En passant devant sa maison, je me souviens du vieux voisin mort depuis une dizaine d’années. Je le revois assis nonchalant de longs après-midis au milieu des escaliers extérieurs qui montaient à sa chambre ou sur un banc à l’ombre d’un cerisier, un arbre aujourd’hui malade, presque mort, de vieillesse lui aussi.

Si je disais en revenant de balade que j’arrivais des « demoiselles coiffées »(1), je l’entends encore qui me lançait avec un éclat de rire et une connivence coquine : « et tu leur as bien fait la bise au moins ? » et je riais avec lui pour lui faire plaisir et probablement pour autre chose encore.

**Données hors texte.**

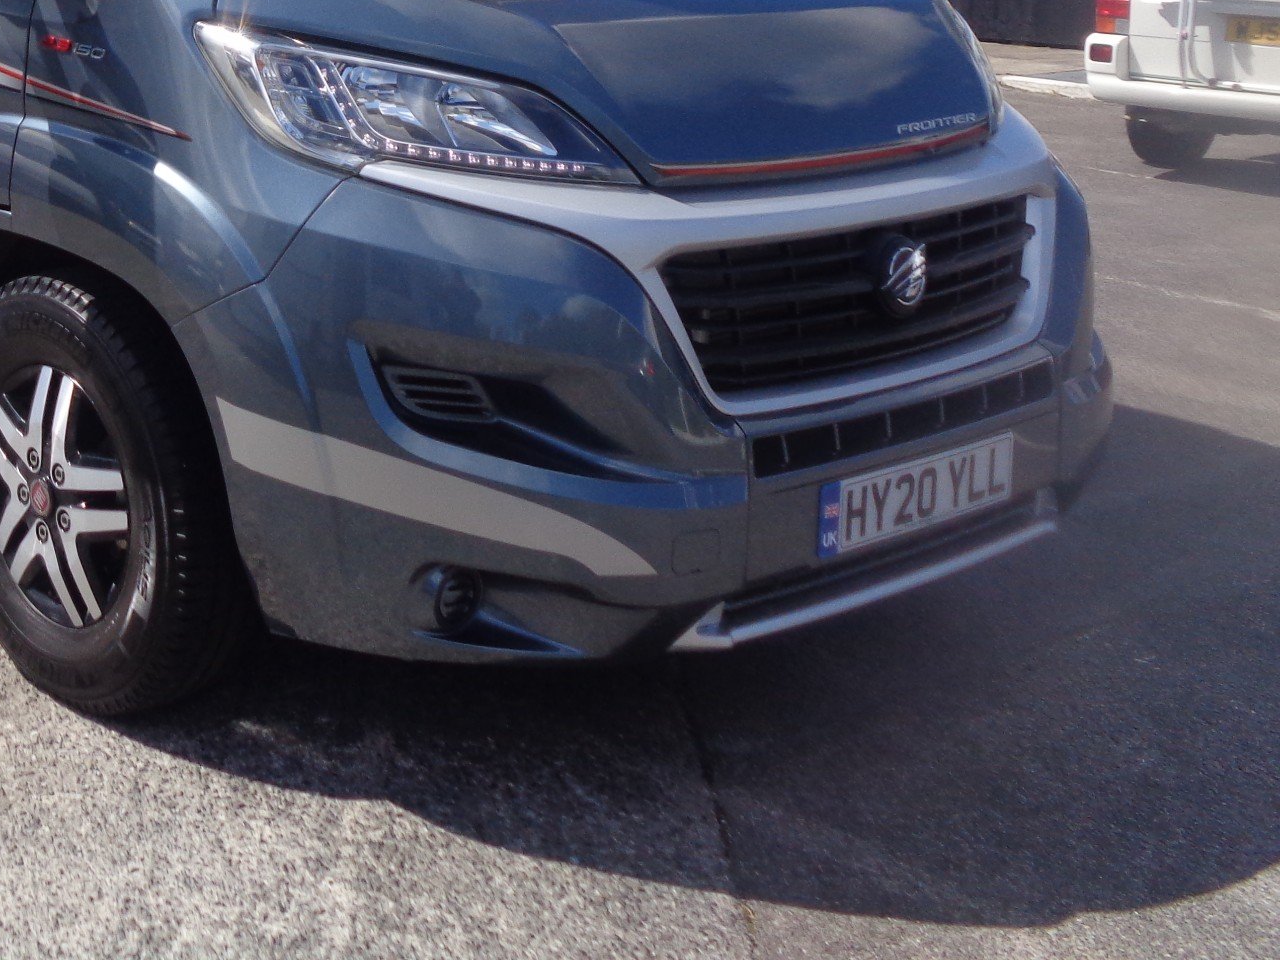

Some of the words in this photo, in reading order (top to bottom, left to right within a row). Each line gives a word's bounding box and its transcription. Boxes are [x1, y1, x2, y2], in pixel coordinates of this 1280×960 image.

[896, 112, 976, 135] FRONTIER
[845, 467, 938, 540] HY20
[949, 448, 1005, 508] YLL
[822, 531, 838, 548] UK
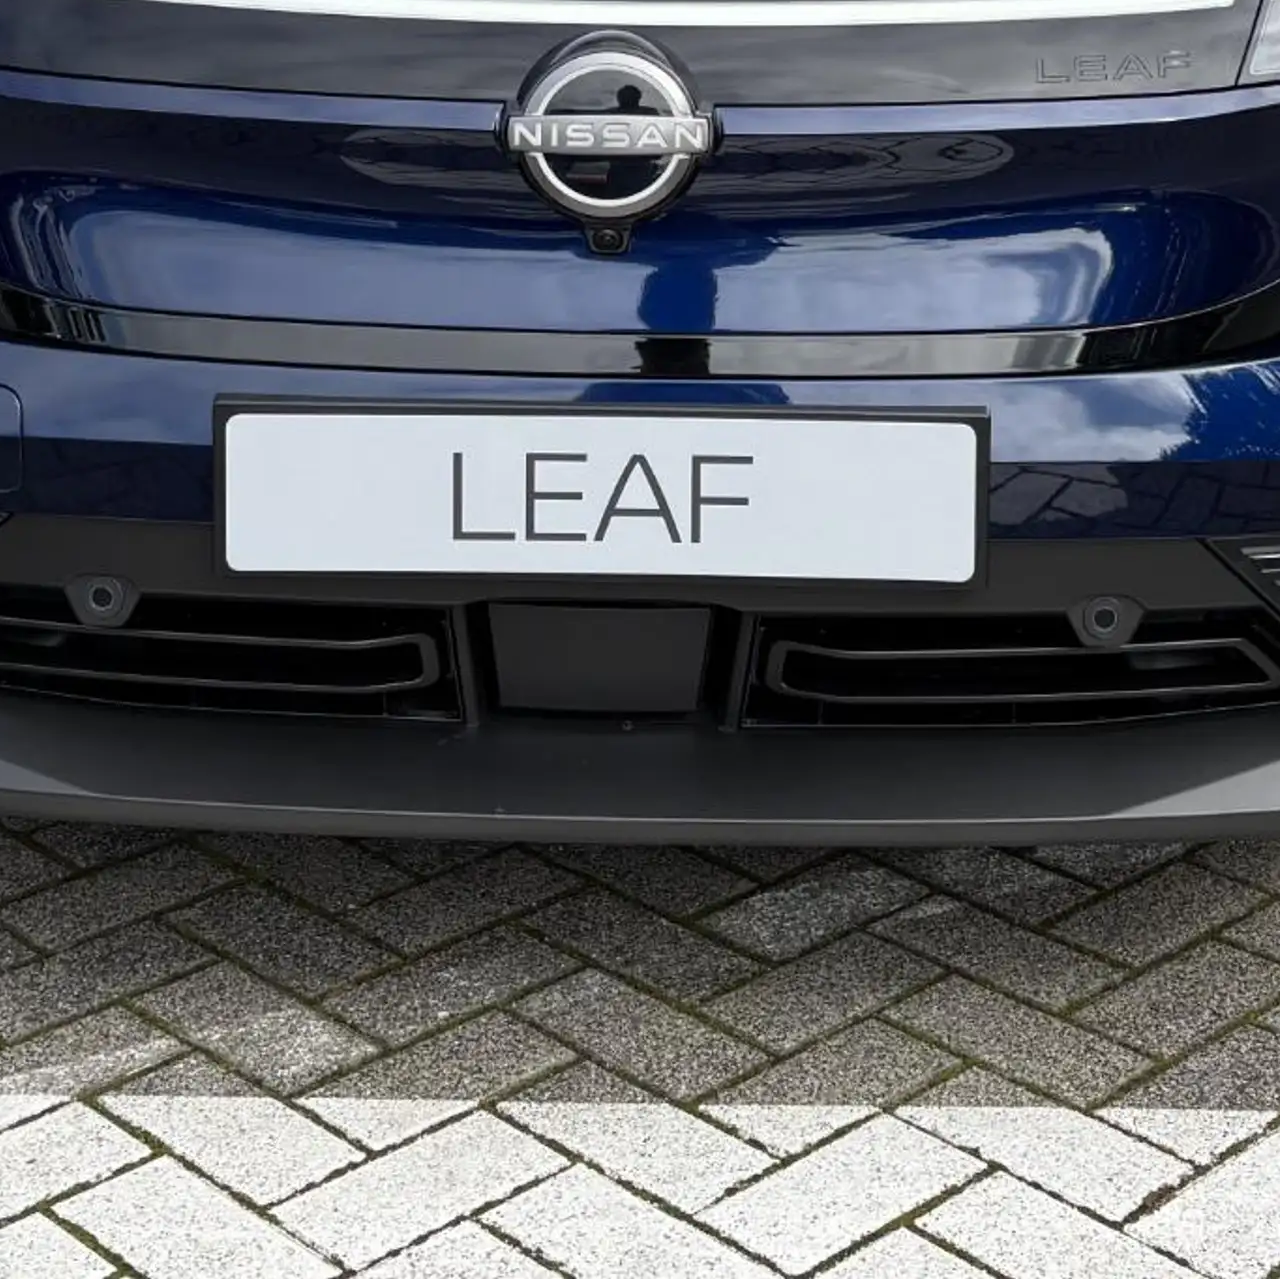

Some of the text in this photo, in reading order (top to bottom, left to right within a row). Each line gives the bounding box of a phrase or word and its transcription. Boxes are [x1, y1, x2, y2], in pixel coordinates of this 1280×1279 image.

[1035, 50, 1191, 84] LEAF
[513, 122, 704, 150] NISSAN
[452, 452, 754, 544] LEAF

Je revois la lenteur de ses pas et de ses gestes, roulant perpétuellement une cigarette de tabac gris ou se versant un sempiternel verre de vin clairet. Il semblait ignorer l’idée même de vitesse, vécu longtemps entre ses champs et son banc sous un cerisier. Il donnait l’impression de n’avoir rien d’autre à faire qu’attendre patiemment comme il disait « l’heure de la soupe » qui viendra juste en son temps comme la bise aux demoiselles.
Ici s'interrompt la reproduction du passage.